Teacher says “no” to I-884 education tax hike

By Tim Mason
This election season, Washington voters are being told Initiative 884 and its many provisions will help teachers like me by reducing class sizes and giving promised raises.

Believe it or not, I want to talk you out of increasing my salary (at least right now!) by voting “no” on this well-intentioned but harmfully expensive initiative. I know of no profession in which people think they are overpaid, especially teachers. However, people in other industries are not dependent on larger paychecks by robbing their neighbors’ hard-earned wages by increasing an already exorbitant sales tax.

I-884 promises to solve many educational problems by increasing the state sales tax 15.4% at a time when the economy is finally beginning to gain momentum. Ironically, it would hit the low income families it is intending to help the hardest. Additionally, it would spend millions of dollars on one of the biggest myths popular in the education community today: that small classes result in better performing students.

Contrary to what many supporters say, there is no definitive research that small class sizes will help students who struggle. The “smaller class size” concept can best be described as the latest education du jour. Any veteran teacher can name multiple education reforms and theories that have come and gone over the years. One colleague I worked with estimates she saw at least twenty reform/curriculum movements through the forty years of her career that all promised to be the magic bullet. No one ever mentions the hours, days, years and dollars that unproven but well-meaning reform efforts cost. Think how much money would be available if shortsighted reforms were not implemented, resulting in fewer bureaucrats being hired at the Educational Service Districts (ESD), the State Superintendent of Public Instruction’s Office (OSPI), or in your child’s school district. Perhaps the savings could be passed directly on to the classroom teacher instead of to consultants and mid-level educrats.

At first the smaller classes concept sounds wonderful, but if this was the solution then rural schools would be outperforming every suburban school and the one-room school house of the past, led by the gray-haired spinster teacher, would have provided a Harvard quality education that would still be a model today.

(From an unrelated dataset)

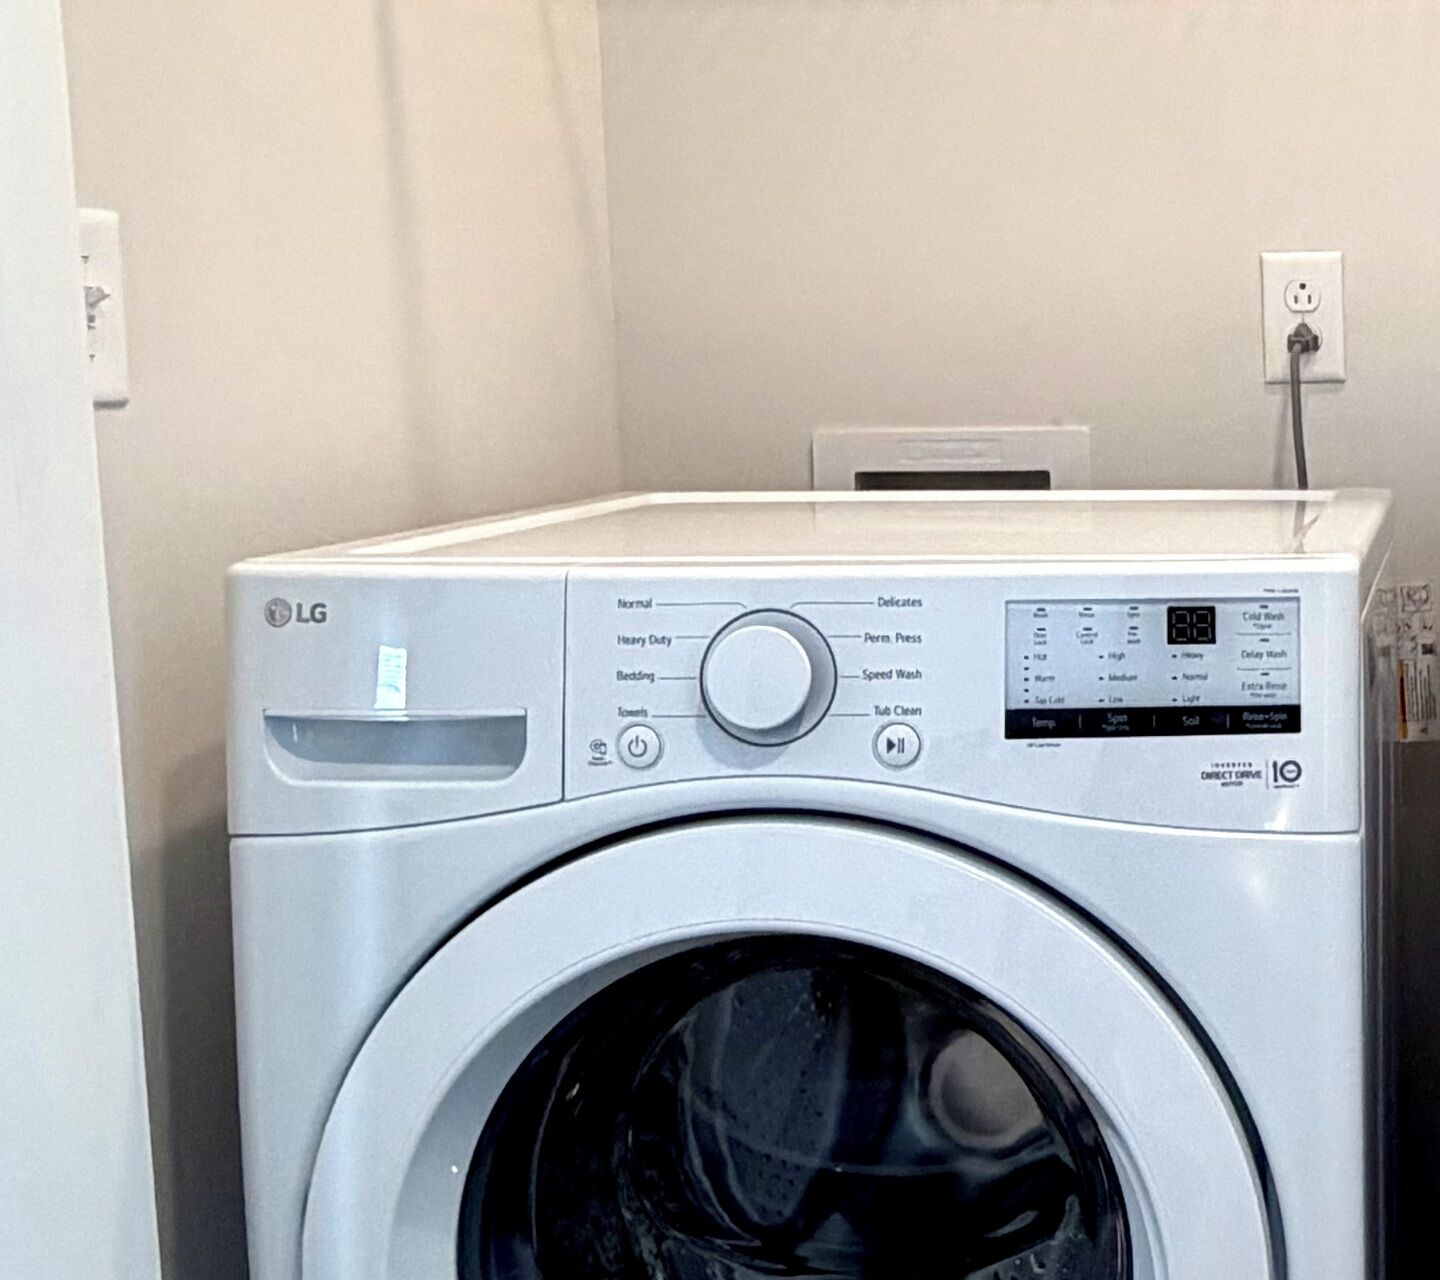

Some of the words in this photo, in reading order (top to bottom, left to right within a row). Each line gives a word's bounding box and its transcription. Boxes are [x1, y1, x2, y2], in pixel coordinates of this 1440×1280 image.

Teachers do appreciate smaller classes because it creates a lighter workload, allowing them more time to prepare lessons and grade papers. But that does not necessarily translate into smarter students; it simply creates less stressed out teachers. Personally, I would gladly trade smaller classes for additional preparation time during the school day.

As always, educational issues are more complicated when you focus on different grade levels and I am sure an elementary or middle school teacher may disagree with my assessment.

Class size is only one tool among many for increasing school performance. Higher standards is the other component constantly missing when talking about school reform. As a public high school teacher, I know citizens would be shocked to learn of the multiple chances the system gives students to pass courses at taxpayer expense. Some students take their core classes two or three times, or enroll in special credit recovery programs, or (in increasing numbers) stay on for a fifth year. Students quickly learn they can “work” the system, failing an entire year of English or history, and then easily make it up during summer school or through on-line classes that are about as academic as pre-school. They also know they can choose other high-school completion programs that will be much easier than a traditional school.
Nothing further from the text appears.